Discovering disease-disease simialrties can be useful for us to inferring the mechanisms of complex diseases. Disease similarity has become the important basis in disease-related molecular function research. There have been a number of methods proposed for measuring disease similarity in recent years. But there are lacks of tools or web servers for the computation of these methods. We present an R package dSimer which provides computation of nine methods for measuring disease-disease similarity, including a standard cosine similarity measure and eight function-based methods. The disease similarity matrix obtained from these nine methods can be visualized through heatmap and network. Biological data widely used in disease-disease associations study are also provided by dSimer.

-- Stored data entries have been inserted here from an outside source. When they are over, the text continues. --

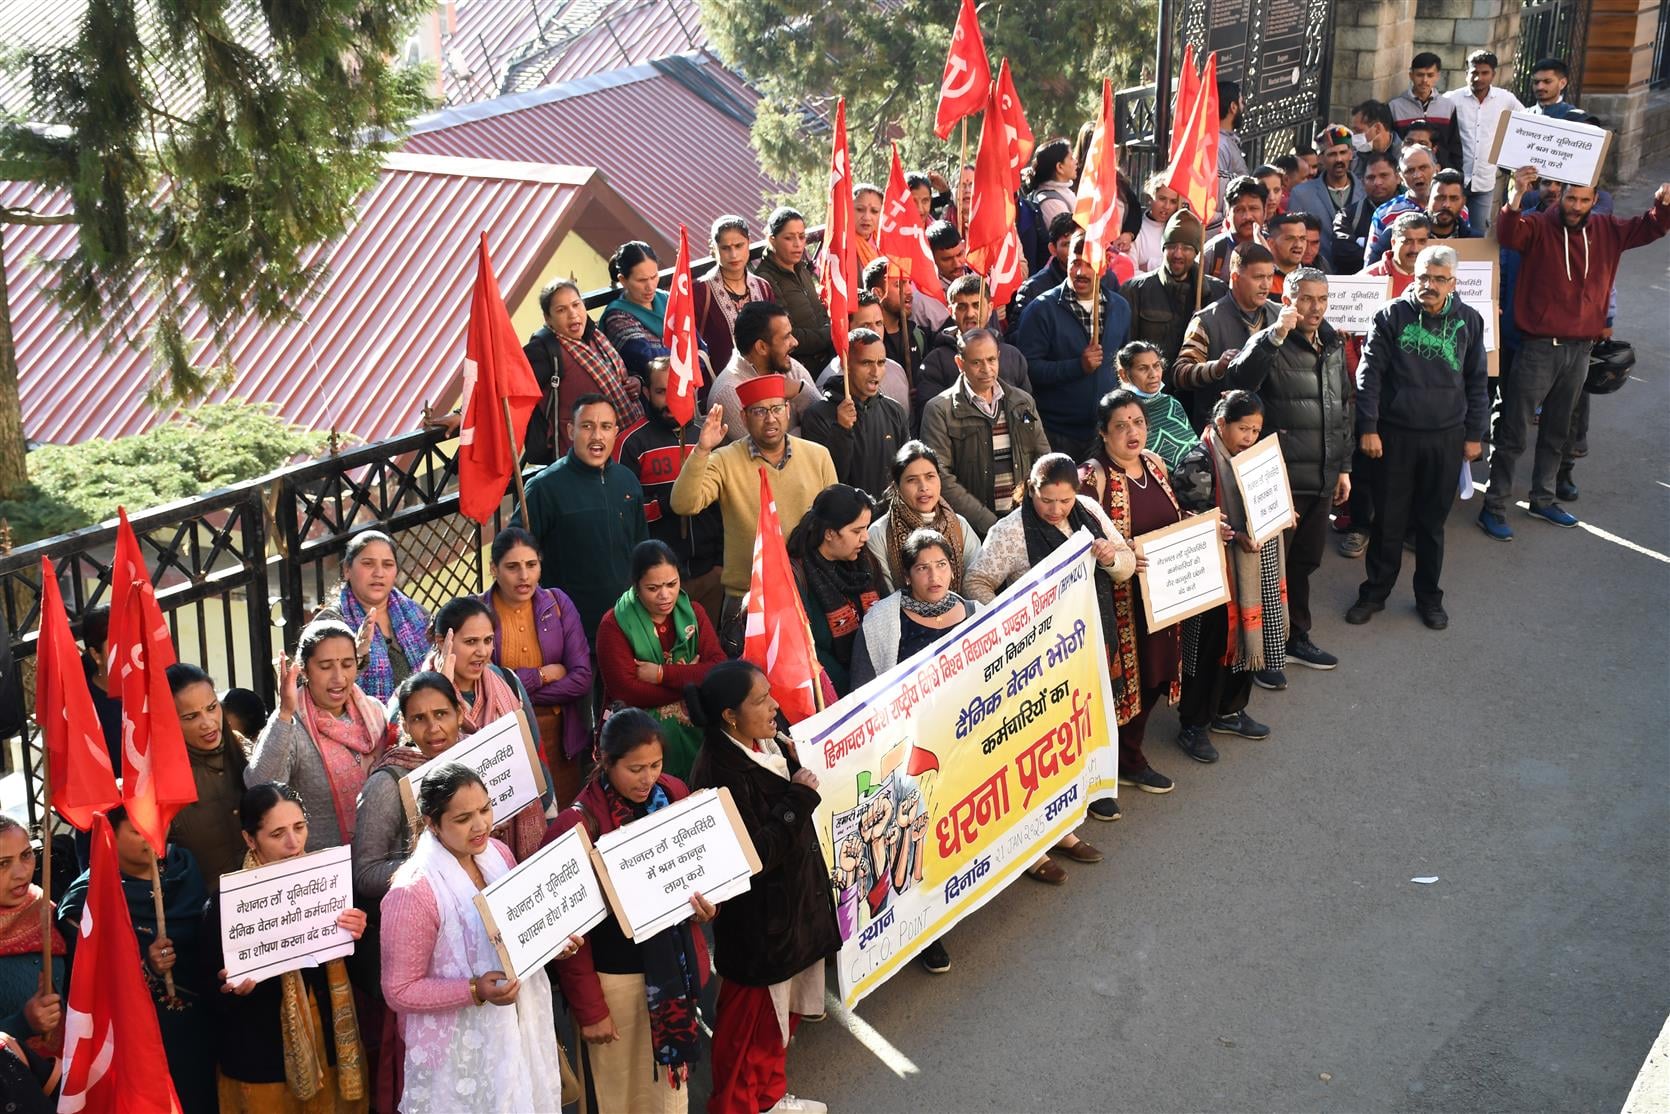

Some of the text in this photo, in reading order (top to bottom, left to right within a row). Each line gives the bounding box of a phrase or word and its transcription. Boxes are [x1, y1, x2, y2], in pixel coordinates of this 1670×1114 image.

[651, 456, 673, 476] 03
[984, 614, 1053, 683] द्वारा निकाले गए
[824, 728, 867, 769] हिमाचल
[864, 703, 890, 743] प्रदेश
[940, 650, 964, 689] विश्व
[1031, 583, 1058, 619] शिमला
[955, 618, 1086, 740] दैनिक वेतन भोगी
[981, 680, 1070, 755] कर्मचारियों का
[489, 768, 512, 786] फायर
[498, 785, 514, 802] करो
[935, 763, 1008, 859] धरना
[1044, 783, 1078, 821] समय
[619, 814, 717, 873] नेशनल लॉ यूनिवर्सिटी
[647, 844, 707, 882] में श्रम कानून
[236, 874, 339, 915] नेशनल लॉ यूनिवर्सिटी में
[505, 858, 581, 923] नेशनल लॉ यूनिवर्सिटी
[663, 865, 707, 897] लागू करो
[945, 855, 992, 905] दिनांक
[228, 895, 347, 941] दैनिक वेतन भोगी कर्मचारियों
[517, 914, 547, 949] प्रशासन
[546, 901, 563, 929] होश
[562, 894, 572, 913] में
[569, 883, 588, 909] आओ
[858, 905, 895, 950] स्थान
[900, 906, 932, 947] POINT
[238, 948, 251, 961] का
[253, 940, 279, 958] शोषण
[280, 933, 305, 949] करना
[321, 920, 338, 937] करो
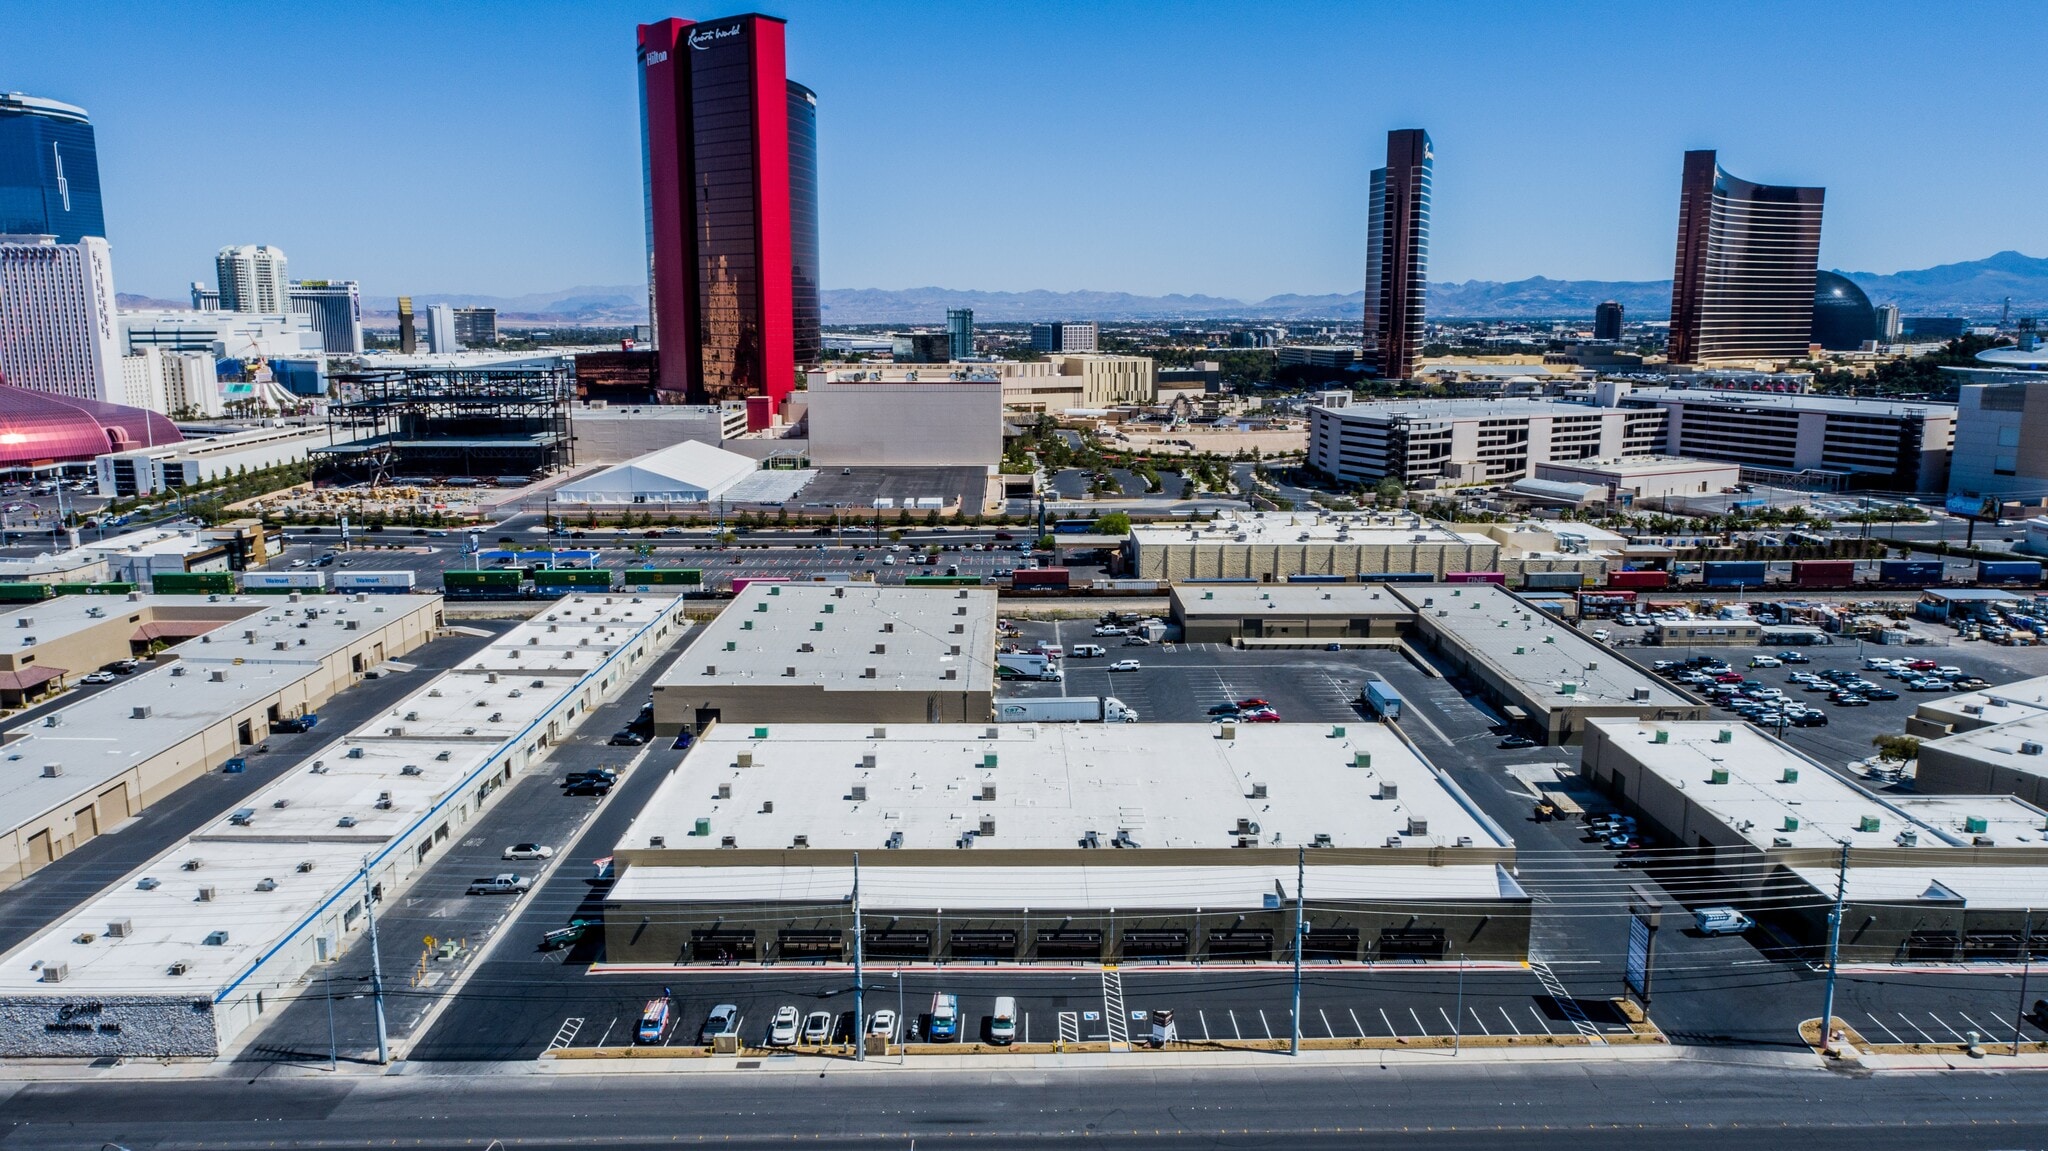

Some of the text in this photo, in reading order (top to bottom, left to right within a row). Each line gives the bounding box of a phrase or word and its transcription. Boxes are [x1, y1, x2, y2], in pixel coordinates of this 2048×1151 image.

The quantification of similarity among diseases has drawn more and more attention in modern biology and medicine. Understanding similarity among diseases can not only help us gain deeper insights into complex diseases, but also lead to improvements in disease diagnosis, drug repurposing and new drug development. Due to the growing body of high-throughput biological data such as genomic and proteomic data, a number of methods have been proposed for the computation of similarity among diseases during the past decade.
Here we present dSimer for the calculation of nine disease similarity methods, including one standard cosine similarity method [1, 2] and eight function-based methods which compare disease-related gene set for calculating [3]. Besides, we also implemented methods for the visualization of disease similarity matrix.
To start with dSimer package, type following codes below:
library(dSimer)
help("dSimer")
The cosine similarity method is a widely used standard measure in disease association analyses [1, 2]. First it constructs feature vectors for diseases from literature or by using other biological data. Then it calculate the cosine of the angle between normalized vector pairs as the similarity scores between diseases. We implemented function CosineDFV for this method:
data(d2s_hsdn) #get disease-symptom associations for constructing feature vectors
ds <- sample(unique(d2s_hsdn[,2]), 5) #get disease names sample
simmat <- CosineDFV(ds, ds, d2s_hsdn)
simmat
## Toxemia Femoracetabular Impingement
## Toxemia 1.0000000000 0.00308459
## Femoracetabular Impingement 0.0030845899 1.00000000
## Lightning Injuries 0.0138314099 0.07464670
## Huntington Disease 0.0006573838 0.01838472
## Pasteurella Infections 0.0051158401 0.00000000
## Lightning Injuries Huntington Disease
## Toxemia 0.01383141 0.0006573838
## Femoracetabular Impingement 0.07464670 0.0183847156
## Lightning Injuries 1.00000000 0.0566486644
## Huntington Disease 0.05664866 1.0000000000
## Pasteurella Infections 0.00362915 0.0000000000
## Pasteurella Infections
## Toxemia 0.00511584
## Femoracetabular Impingement 0.00000000
## Lightning Injuries 0.00362915
## Huntington Disease 0.00000000
## Pasteurella Infections 1.00000000
BOG [4] is a method for disease similarity calculating only using disease-gene associations. We designed function BOG to implement this method. And for the purpose of normalizing the matrix produced by method BOG, we implemented function Normalize. For example:
data(d2g_separation) #get disease-gene associations
ds<-sample(names(d2g_separation),5)
ds
## [1] "sensation disorders" "parkinsonian disorders"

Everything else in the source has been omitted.